EXERCISE DESCRIPTION: Your task is to copy the listing exactly, with the pictures left out.

DATA:
▬▬▬▬▬▬▬▬▬▬

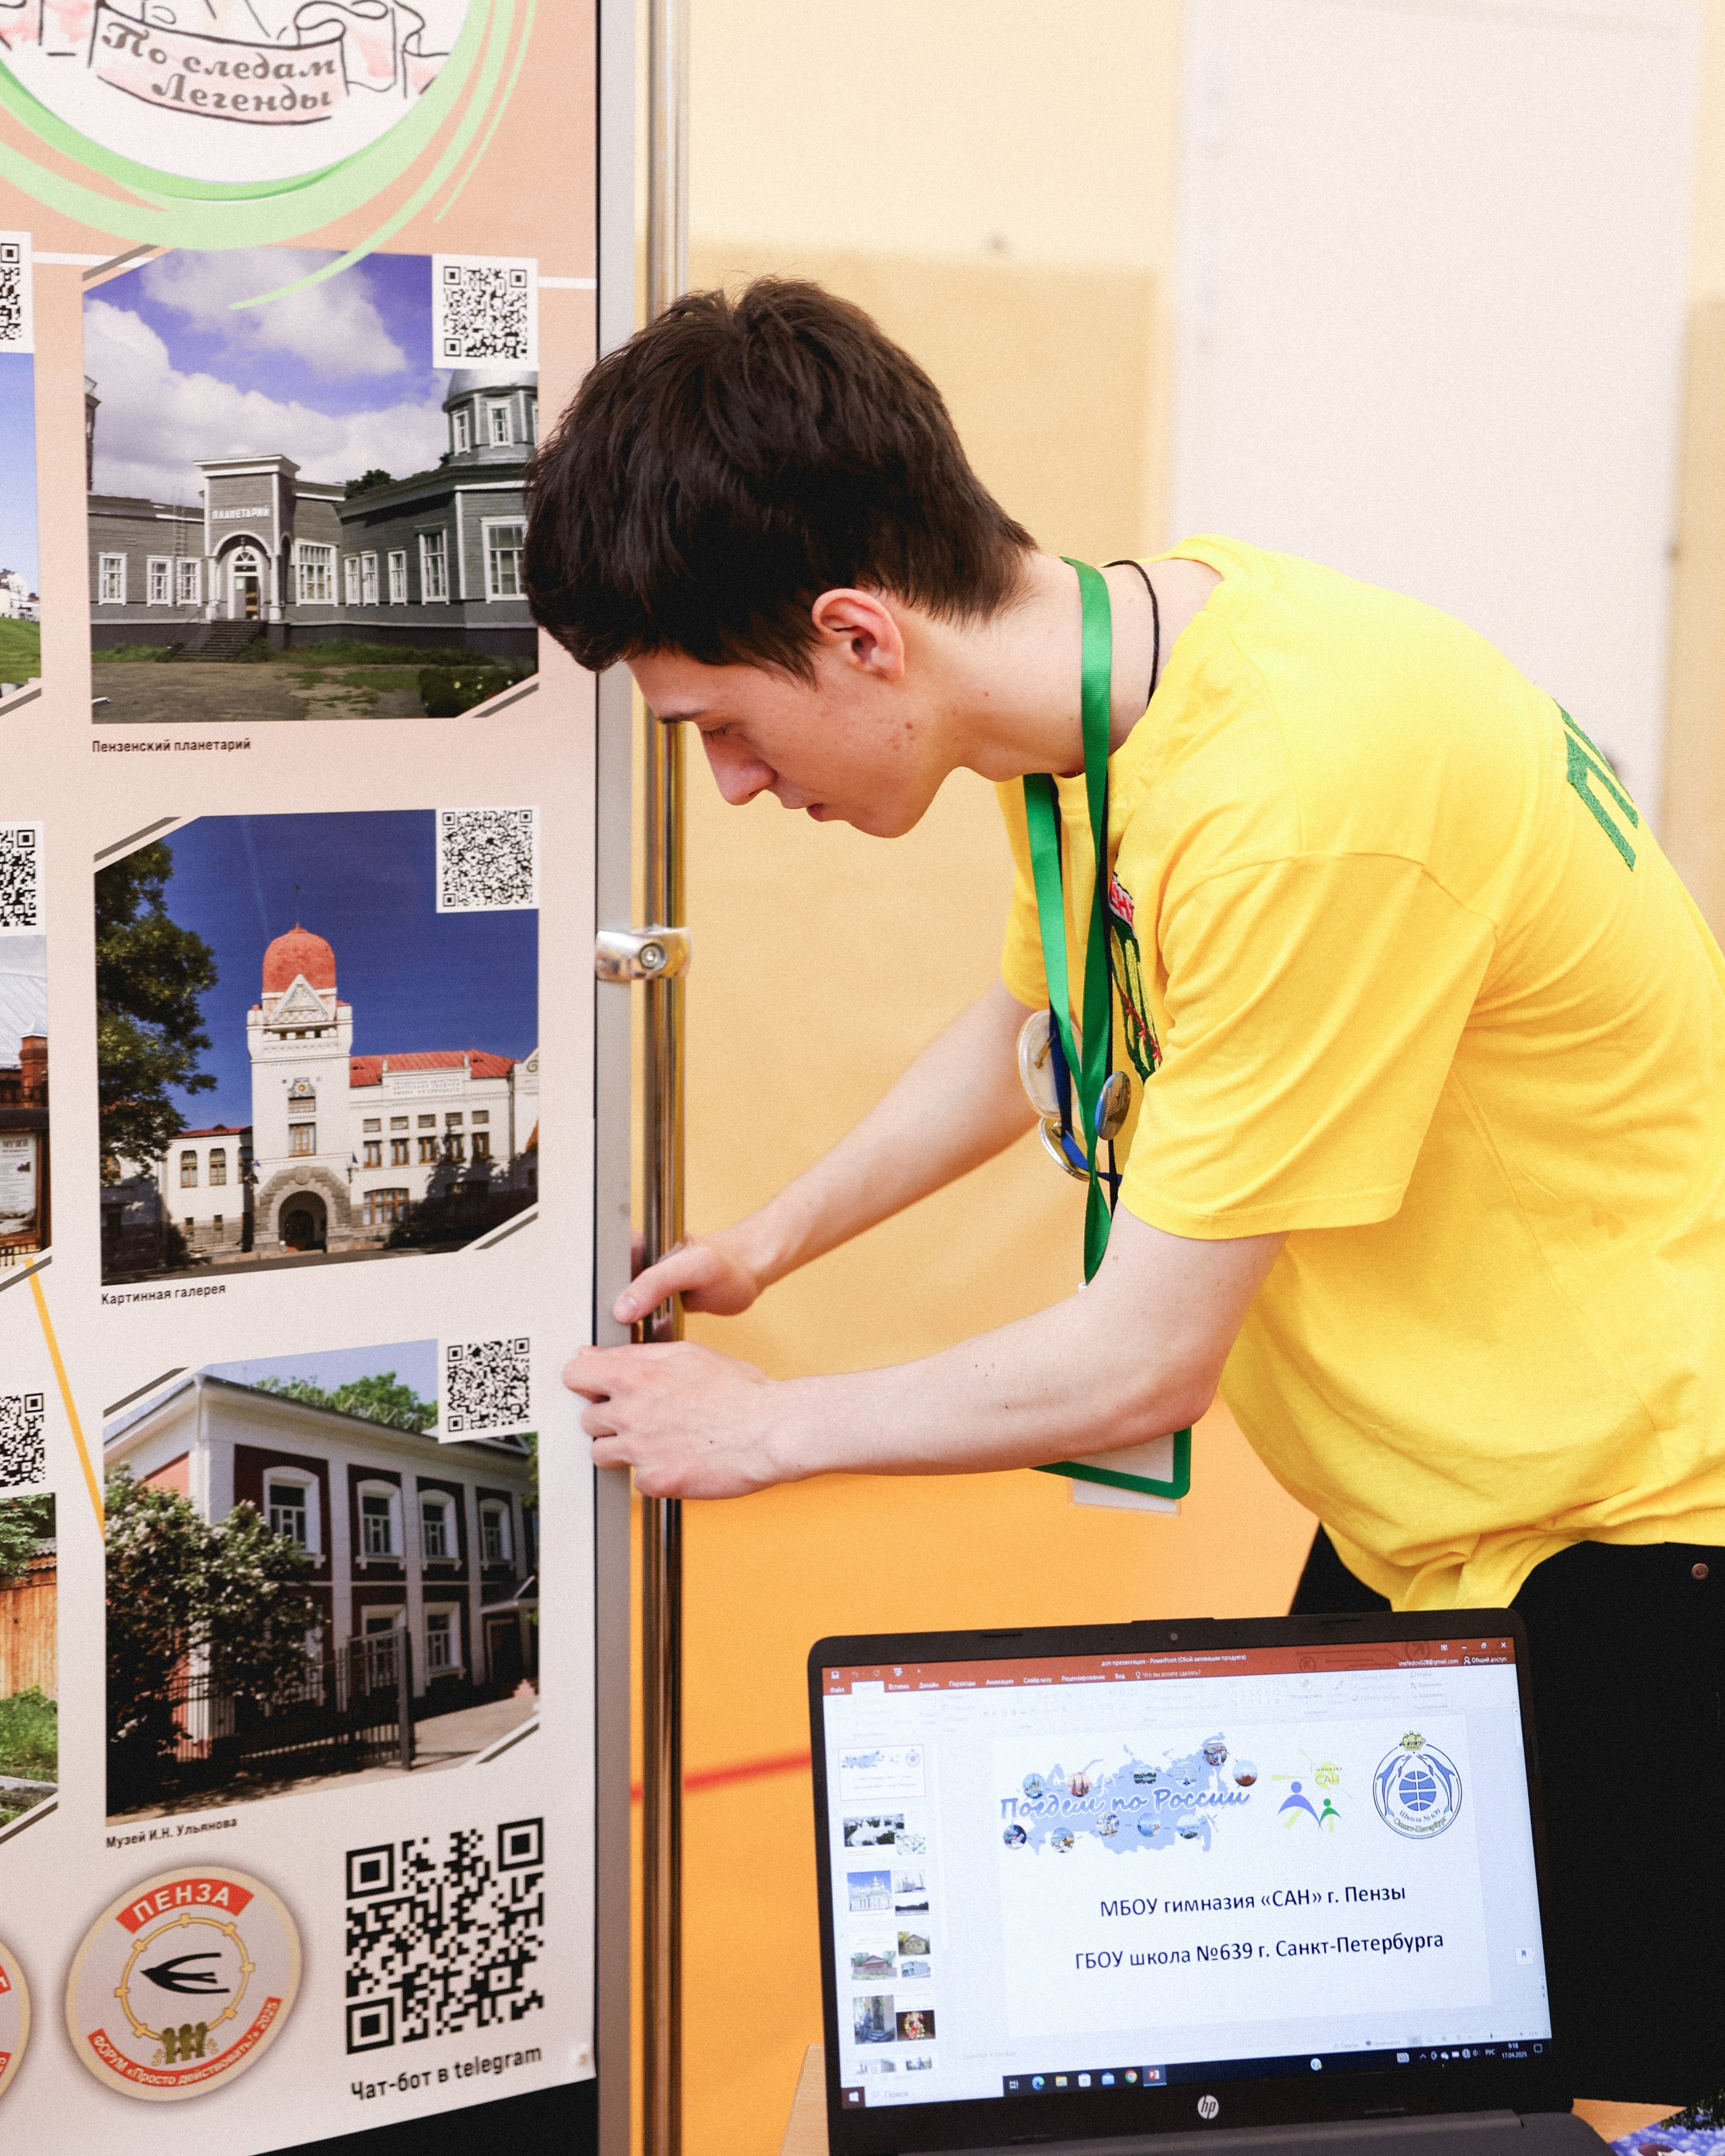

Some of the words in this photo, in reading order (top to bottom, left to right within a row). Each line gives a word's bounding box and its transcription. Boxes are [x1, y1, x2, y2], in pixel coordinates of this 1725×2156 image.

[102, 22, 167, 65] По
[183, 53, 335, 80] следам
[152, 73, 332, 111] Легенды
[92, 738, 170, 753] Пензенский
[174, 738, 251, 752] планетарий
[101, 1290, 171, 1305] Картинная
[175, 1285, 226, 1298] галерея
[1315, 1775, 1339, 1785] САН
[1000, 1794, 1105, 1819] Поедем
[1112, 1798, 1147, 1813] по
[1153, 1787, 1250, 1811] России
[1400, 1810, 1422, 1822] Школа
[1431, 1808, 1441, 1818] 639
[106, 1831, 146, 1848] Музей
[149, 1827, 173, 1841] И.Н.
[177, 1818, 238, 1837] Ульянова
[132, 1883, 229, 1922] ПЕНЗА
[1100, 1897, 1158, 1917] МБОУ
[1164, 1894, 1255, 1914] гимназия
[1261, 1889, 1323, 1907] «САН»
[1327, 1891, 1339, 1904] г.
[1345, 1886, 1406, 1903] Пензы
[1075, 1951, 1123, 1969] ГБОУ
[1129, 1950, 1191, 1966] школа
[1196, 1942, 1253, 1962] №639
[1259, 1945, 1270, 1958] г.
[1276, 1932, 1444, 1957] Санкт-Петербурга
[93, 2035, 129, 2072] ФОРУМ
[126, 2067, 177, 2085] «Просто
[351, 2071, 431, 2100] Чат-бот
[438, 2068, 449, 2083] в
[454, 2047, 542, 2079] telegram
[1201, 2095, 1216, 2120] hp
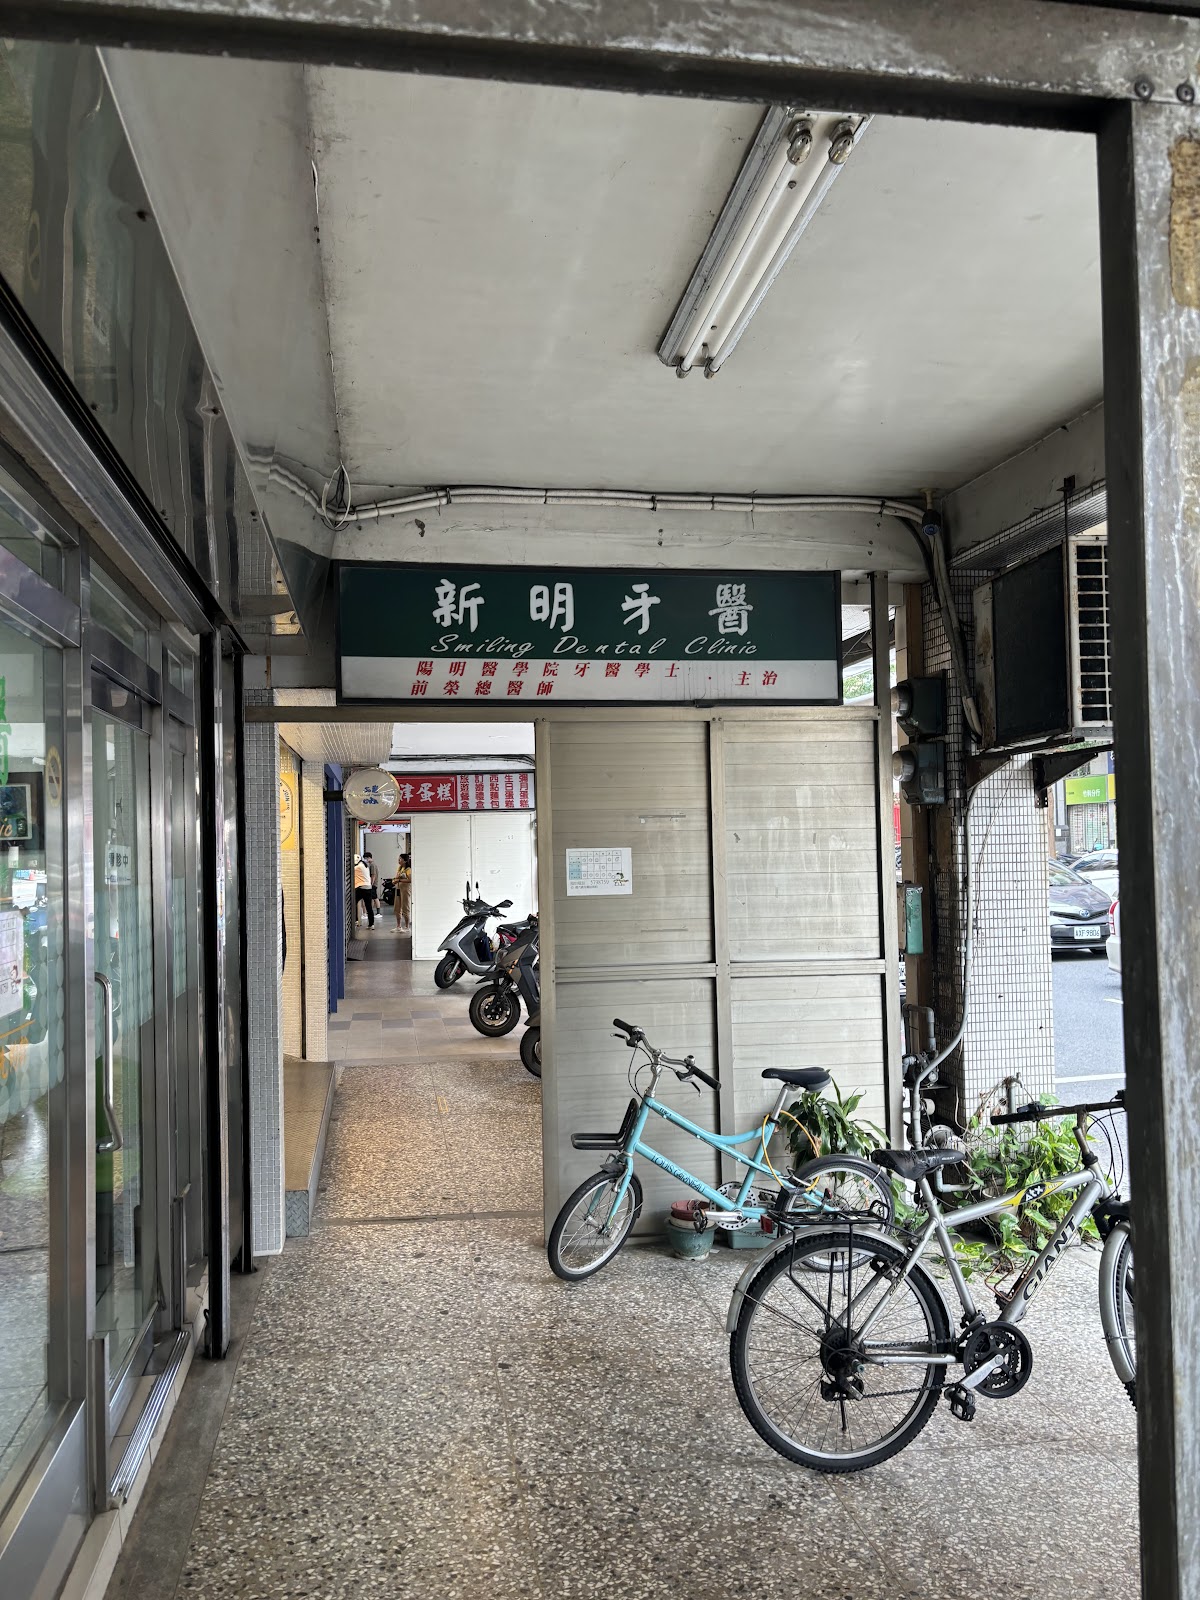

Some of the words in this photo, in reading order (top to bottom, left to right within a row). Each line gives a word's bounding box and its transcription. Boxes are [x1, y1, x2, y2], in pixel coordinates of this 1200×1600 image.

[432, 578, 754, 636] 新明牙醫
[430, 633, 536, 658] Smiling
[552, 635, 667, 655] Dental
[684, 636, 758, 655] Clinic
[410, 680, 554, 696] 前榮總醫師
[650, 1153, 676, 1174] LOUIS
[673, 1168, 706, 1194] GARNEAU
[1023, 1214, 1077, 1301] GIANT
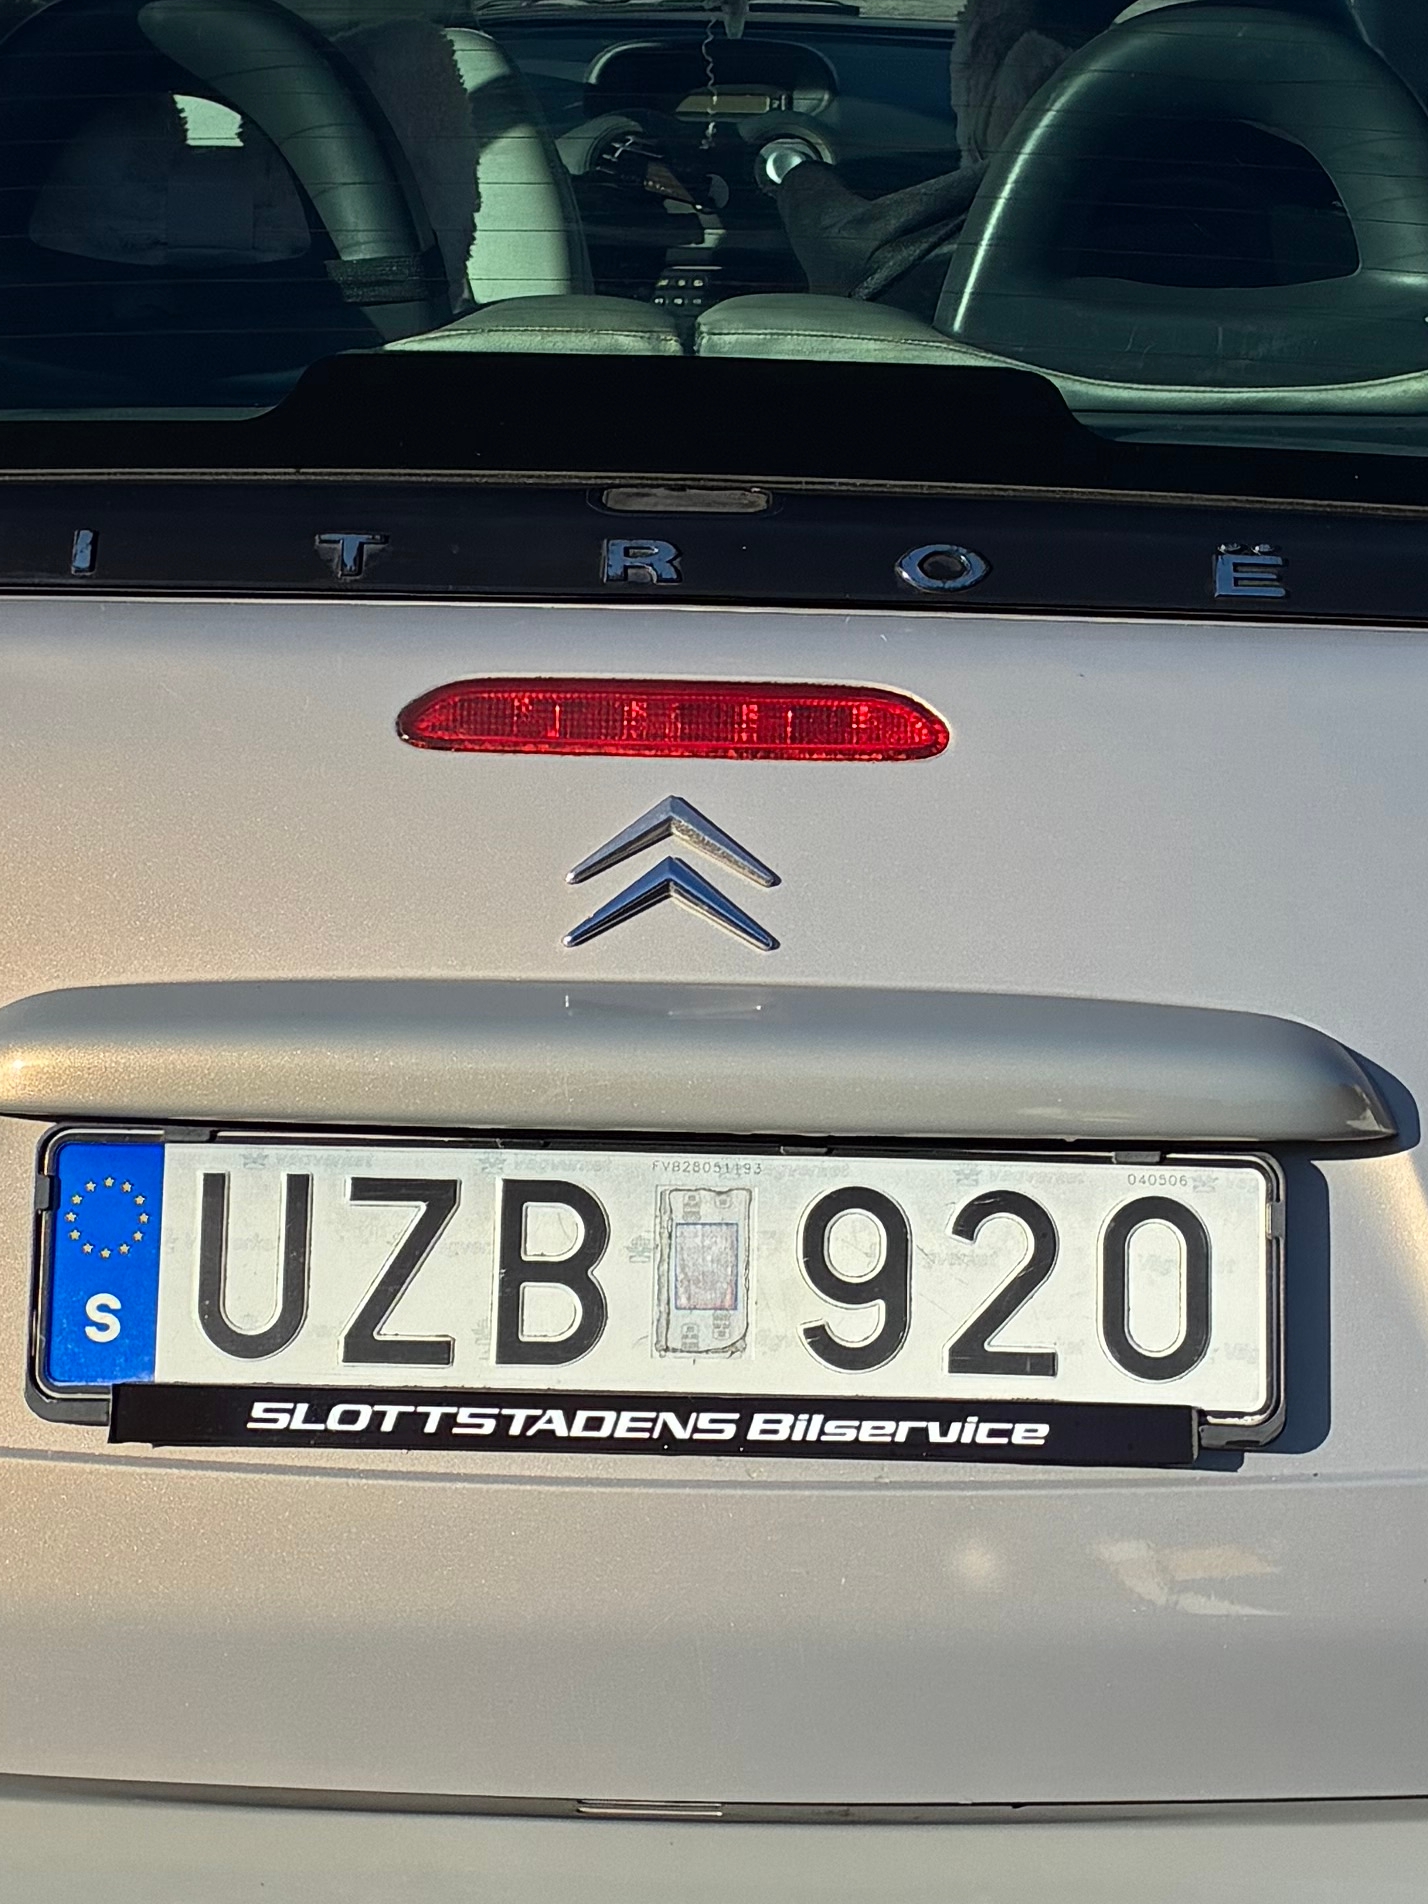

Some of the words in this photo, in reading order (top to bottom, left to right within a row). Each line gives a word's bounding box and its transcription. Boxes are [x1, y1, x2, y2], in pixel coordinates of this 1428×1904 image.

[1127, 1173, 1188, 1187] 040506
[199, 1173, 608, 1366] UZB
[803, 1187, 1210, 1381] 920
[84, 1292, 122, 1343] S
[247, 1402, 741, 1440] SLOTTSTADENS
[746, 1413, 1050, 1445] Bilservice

▬▬▬▬▬▬▬▬▬▬

RESULT OF THE TASK:
Some of the words in this photo, in reading order (top to bottom, left to right within a row). Each line gives a word's bounding box and its transcription. Boxes are [x1, y1, x2, y2], in pixel coordinates of this 1725×2156 image.

[102, 22, 167, 65] По
[183, 53, 335, 80] следам
[152, 73, 332, 111] Легенды
[92, 738, 170, 753] Пензенский
[174, 738, 251, 752] планетарий
[101, 1290, 171, 1305] Картинная
[175, 1285, 226, 1298] галерея
[1315, 1775, 1339, 1785] САН
[1000, 1794, 1105, 1819] Поедем
[1112, 1798, 1147, 1813] по
[1153, 1787, 1250, 1811] России
[1400, 1810, 1422, 1822] Школа
[1431, 1808, 1441, 1818] 639
[106, 1831, 146, 1848] Музей
[149, 1827, 173, 1841] И.Н.
[177, 1818, 238, 1837] Ульянова
[132, 1883, 229, 1922] ПЕНЗА
[1100, 1897, 1158, 1917] МБОУ
[1164, 1894, 1255, 1914] гимназия
[1261, 1889, 1323, 1907] «САН»
[1327, 1891, 1339, 1904] г.
[1345, 1886, 1406, 1903] Пензы
[1075, 1951, 1123, 1969] ГБОУ
[1129, 1950, 1191, 1966] школа
[1196, 1942, 1253, 1962] №639
[1259, 1945, 1270, 1958] г.
[1276, 1932, 1444, 1957] Санкт-Петербурга
[93, 2035, 129, 2072] ФОРУМ
[126, 2067, 177, 2085] «Просто
[351, 2071, 431, 2100] Чат-бот
[438, 2068, 449, 2083] в
[454, 2047, 542, 2079] telegram
[1201, 2095, 1216, 2120] hp

Some of the words in this photo, in reading order (top to bottom, left to right within a row). Each line gives a word's bounding box and its transcription. Boxes are [x1, y1, x2, y2], in pixel coordinates of this 1200×1600 image.

[432, 578, 754, 636] 新明牙醫
[430, 633, 536, 658] Smiling
[552, 635, 667, 655] Dental
[684, 636, 758, 655] Clinic
[410, 680, 554, 696] 前榮總醫師
[650, 1153, 676, 1174] LOUIS
[673, 1168, 706, 1194] GARNEAU
[1023, 1214, 1077, 1301] GIANT

Some of the words in this photo, in reading order (top to bottom, left to right within a row). Each line gives a word's bounding box and its transcription. Boxes are [x1, y1, x2, y2], in pixel coordinates of this 1428×1904 image.

[1127, 1173, 1188, 1187] 040506
[199, 1173, 608, 1366] UZB
[803, 1187, 1210, 1381] 920
[84, 1292, 122, 1343] S
[247, 1402, 741, 1440] SLOTTSTADENS
[746, 1413, 1050, 1445] Bilservice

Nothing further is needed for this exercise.